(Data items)
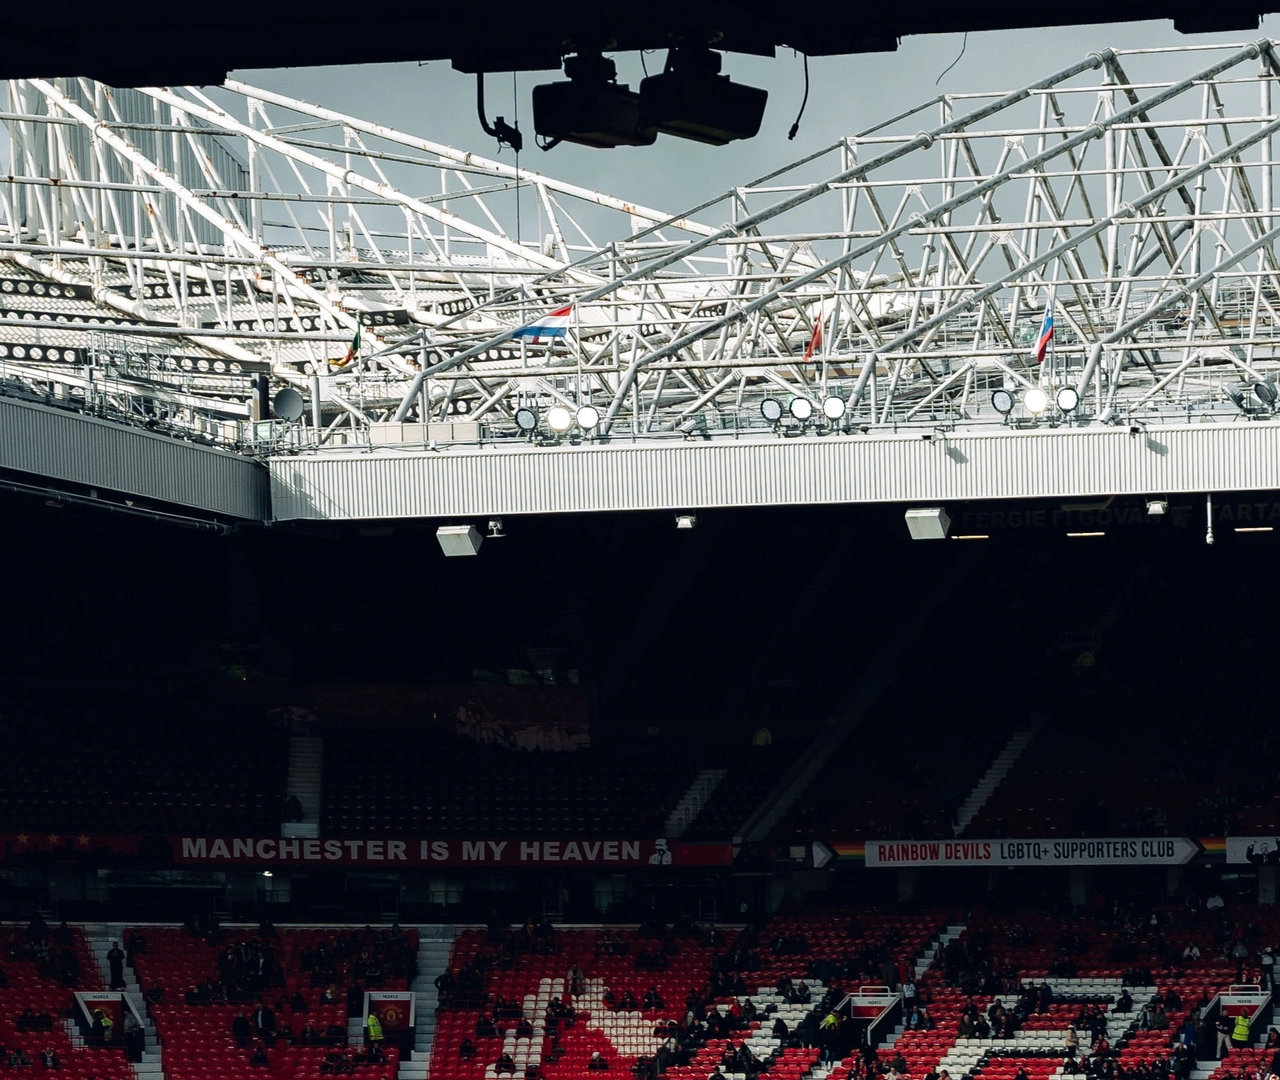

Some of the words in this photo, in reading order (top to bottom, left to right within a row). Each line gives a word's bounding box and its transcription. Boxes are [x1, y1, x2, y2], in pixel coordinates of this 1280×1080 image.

[962, 510, 1046, 529] FERGIE
[181, 838, 407, 861] MANCHESTER
[420, 840, 449, 861] IS
[461, 841, 508, 861] MY
[520, 841, 640, 861] HEAVEN
[878, 843, 940, 862] RAINBOW
[943, 842, 991, 861] DEVILS
[1000, 841, 1050, 861] LGBTQ+
[1053, 840, 1137, 860] SUPPORTERS
[1140, 840, 1174, 859] CLUB

◆ Problem requirements:
Could you give all the records again, exactly, minus the pictures?

◆ Response area:
Some of the words in this photo, in reading order (top to bottom, left to right within a row). Each line gives a word's bounding box and its transcription. Boxes are [x1, y1, x2, y2], in pixel coordinates of this 1280×1080 image.

[962, 510, 1046, 529] FERGIE
[181, 838, 407, 861] MANCHESTER
[420, 840, 449, 861] IS
[461, 841, 508, 861] MY
[520, 841, 640, 861] HEAVEN
[878, 843, 940, 862] RAINBOW
[943, 842, 991, 861] DEVILS
[1000, 841, 1050, 861] LGBTQ+
[1053, 840, 1137, 860] SUPPORTERS
[1140, 840, 1174, 859] CLUB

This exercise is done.